Photo by Meggan Moran

A pair of gold-stitched shoes launched Megg Riley into an unusual, but lucrative, side hustle.

In 2017, the Paducah, Kentucky, risk management analyst saw a pair of Rothy's on Pinterest when she was seeking sustainable footwear. She started buying the brand, which uses eco-friendly materials such as recycled water bottles and vegan leather, and joined Facebook communities where its fans trade styling tips.

"I saw other people that were customizing the shoes with paint and with glitter, and there were some other thread artists out there, and I thought, 'Well, surely I could do this,'" says Riley. "I am relatively crafty. I'm not an artist by any stretch of the imagination. But I can do stuff."

For her first project, in early 2019, she painstakingly stitched metallic gold thread through her marigold yellow points. It took about 70 hours for just the toe box.

When she shared her design on Facebook, "everybody was like, 'Oh my gosh, you have glittery shoes,'" Riley recalls. "One of the ladies that I had formed a friendship with said, 'Hey, if I send you a pair of my shoes, do you think that you could do something similar?' So I did. I added some metallic thread to the heels of her loafers. And she shared them in the group and everybody went crazy that there was something original."

Riley's Alison Plaid design on Rothy's shoes.
Photo by Meggan Moran

Requests quickly began flowing in, and Riley decided to turn her newfound talent into a business. Over the past year and a half, she has brought in $18,000 from hand-stitching her custom designs, and made another $6,500 from classes that teach other people how to craft their own.

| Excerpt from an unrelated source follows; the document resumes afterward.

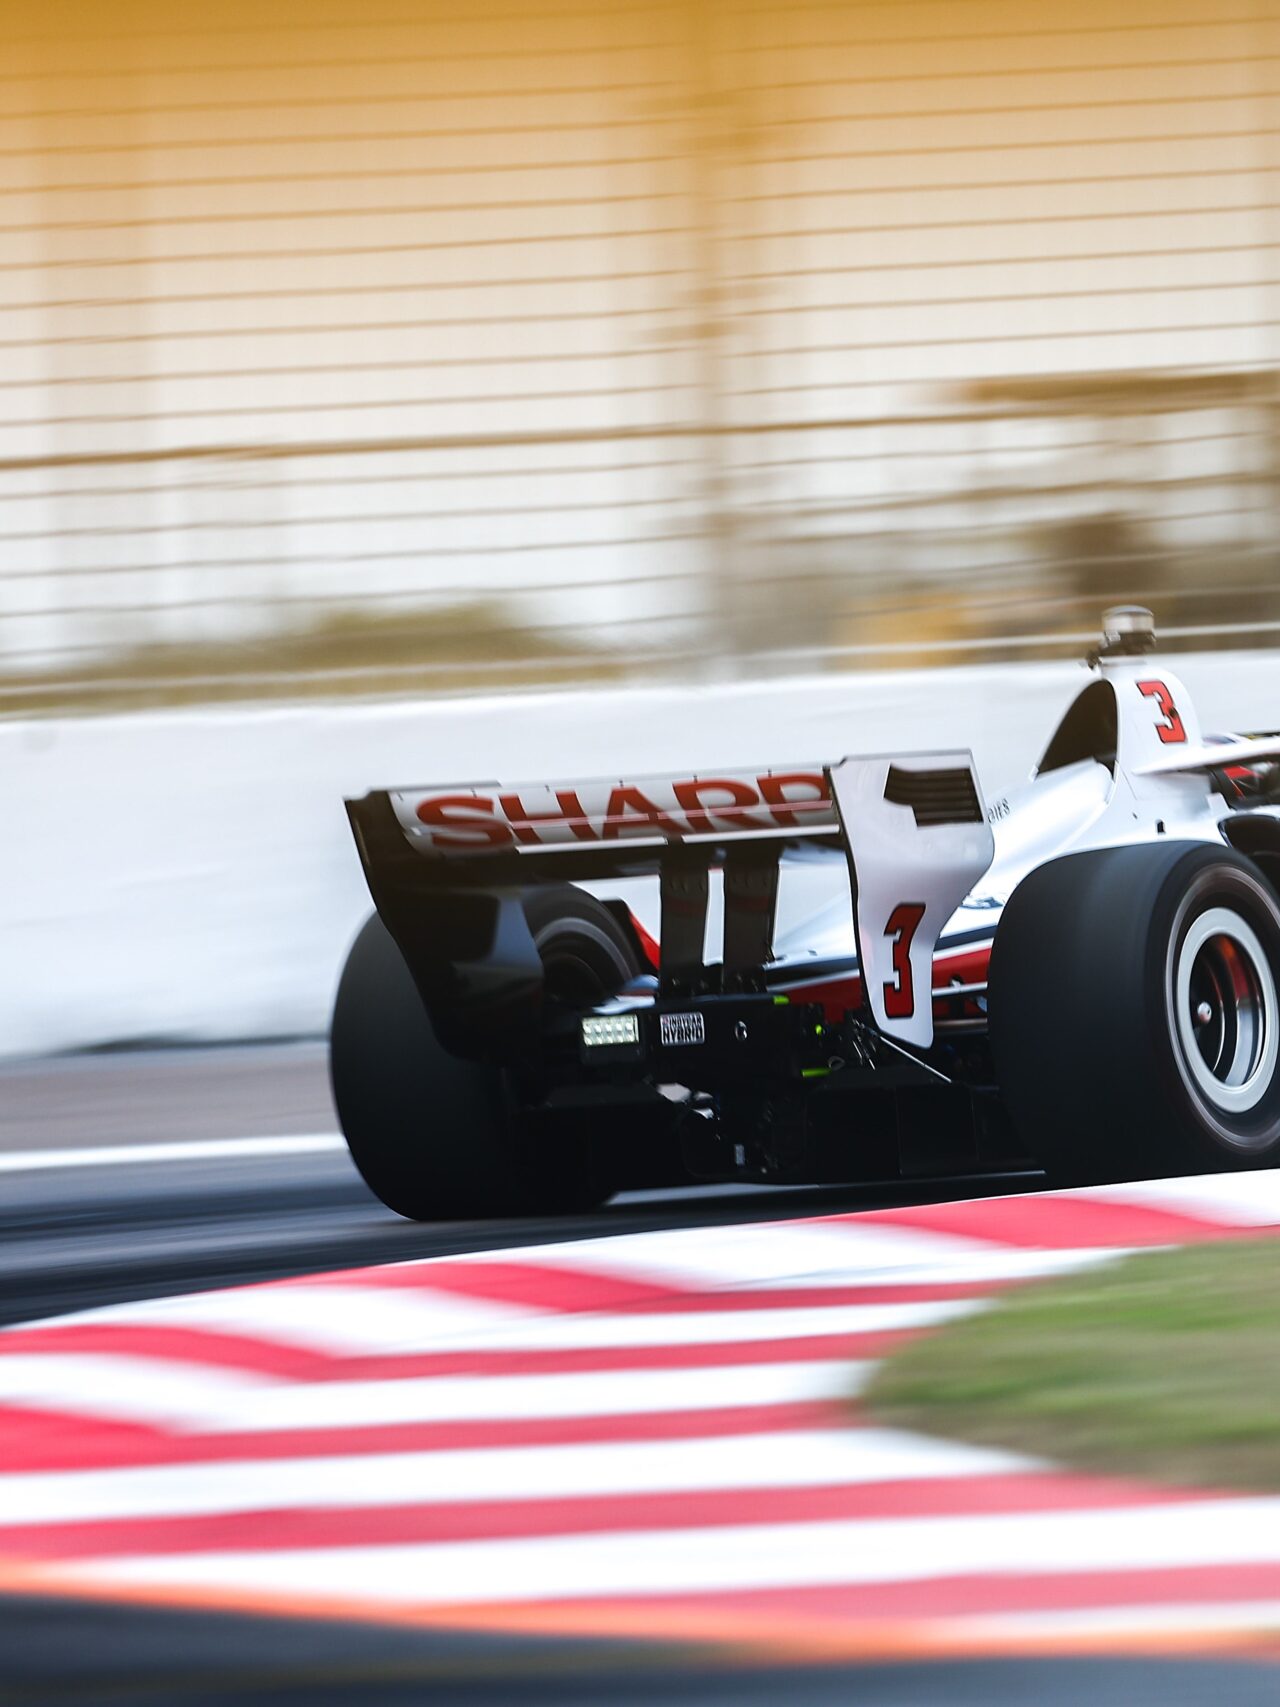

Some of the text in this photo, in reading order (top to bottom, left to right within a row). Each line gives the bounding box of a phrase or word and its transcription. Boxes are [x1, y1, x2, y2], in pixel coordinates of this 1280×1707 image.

[1136, 680, 1187, 744] 3
[416, 773, 830, 850] SHARP
[883, 902, 926, 1019] 3

With the experience she has gained, stitching the toe box now takes her just four hours, and customizing an entire pair takes up to 20 hours. Riley completes 2 to 5 pairs weekly, putting in 40-50 hours a week on top of her full-time job at a fintech company.

"It's a running joke in my family that we do too much," she says. "Pacing myself and setting hours is really not something I do. I work until I fall asleep."

Here's how she built her successful side business.

Giving fans what they want is the 'best advertisement'

Riley participates in eight Rothy's groups on Facebook. "These groups have between 4,000 and 24,000 members, so there is a huge captive audience," she says, noting that many of her customers will share pictures of the shoes she makes for them.

"This is my best advertisement. Someone will share a picture of the shoes, and I'll receive 3 to 4 private messages inquiring about placing an order."

She is already booked through the end of 2021, she estimates, with 124 pairs of shoes in her queue.

Riley credits Instagram, where both she and her customers post pictures of her designs, as another huge source of orders. "I always respond to comments and follow many of my followers to create a solid relationship with them," she says. "I think a lot of my success has to do with the building of relationships with people. Even after they get their shoes, I continue to have great conversations with people."

I am relatively crafty. I'm not an artist by any stretch of the imagination. But I can do stuff.
Megg Riley

'There's a lot of math' to designing wearable art

Riley sets her prices based on the complexity of the design, starting from $95 for a cap toe and ranging up to $200 for some heel-to-toe designs. (All prices include shipping and other fees, and customers supply the shoes.)

Her most popular requests are her range of colorful plaids, along with an ombre of pink to brown to white that she's dubbed Captoecinno. Some customers let Riley decide what will look best on a given shoe. "People are like, 'I like bright, bold colors, and I want to do it on a red flat. If I send it to you, you have carte blanche.'"

Occasionally there are the extra special designs: "I got a request to make a pair of shoes to match a BMW, 3 series I believe," Riley says. "And I got a request for the AC/DC logo."

Riley at work.
Photo by Graysen Riley

There are unique challenges to working with shoes. Not only does Riley have to create a design that fits the shape of the shoes, but she also has to execute it in a way that keeps the finished product wearable.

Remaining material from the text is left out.